Use this worksheet after direct instruction on how prefixes change word meanings. It works well as a formative assessment tool; observe students during Exercise 3 to identify which specific prefixes require further clarification. Expect completion of the 71 tasks within 30 minutes, making it an ideal choice for literacy centers, homework, or as a sub-plan activity. The variety of tasks keeps students engaged while reinforcing core linguistic concepts.

Who It's For

This resource is designed for Grade 5 students but is highly effective for Grade 4 challenge groups or Grade 6 remedial support. It is particularly beneficial for English Language Learners (ELLs) developing their understanding of English morphology. Pair this worksheet with a root word anchor chart or a vocabulary journal to help students document the "opposite" pairs they discover during these exercises, fostering a deeper connection to linguistic structures.
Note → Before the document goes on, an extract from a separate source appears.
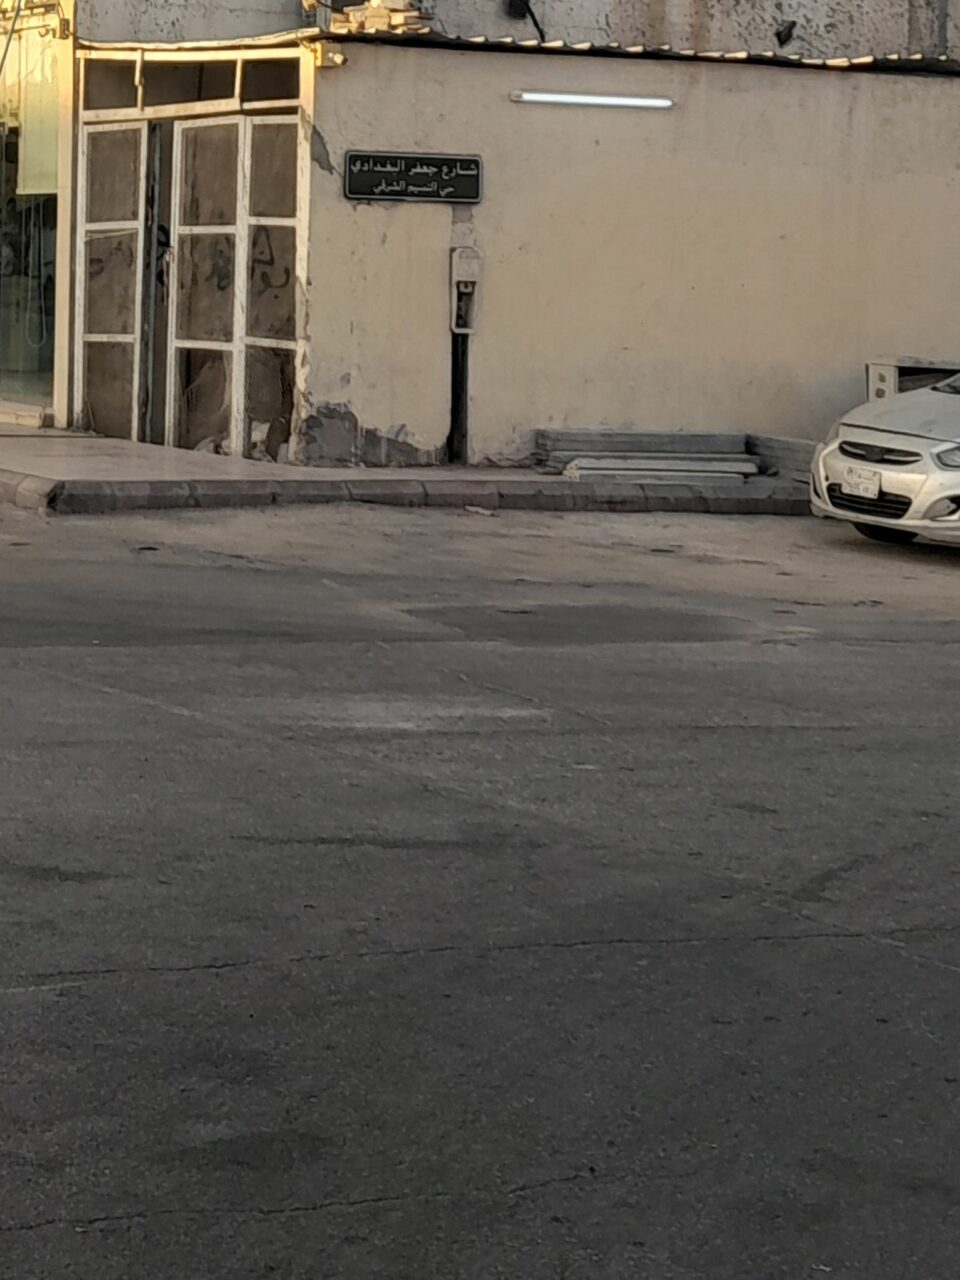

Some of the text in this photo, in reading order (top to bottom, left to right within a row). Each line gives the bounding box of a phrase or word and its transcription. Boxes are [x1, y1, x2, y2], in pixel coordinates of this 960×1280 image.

[350, 158, 478, 180] شارع جعفر البغدادي
[372, 178, 455, 197] حي النسيم الشرقي
Morphological awareness strongly predicts reading comprehension success. As Fisher & Frey (2014) note, explicit instruction in word parts helps students grasp the meaning of thousands of unfamiliar words in complex texts. This worksheet targets CCSS.ELA-LITERACY.L.5.4.B, offering 71 opportunities to practice essential decoding skills. By moving from isolated word lists to sentence-level context, the resource ensures prefix knowledge transitions from rote memorization to active linguistic utility. This structured repetition aids learners with irregular spelling patterns, providing a predictable framework for morphological mastery. Such a systematic approach equips students with tools for independent reading across academic disciplines.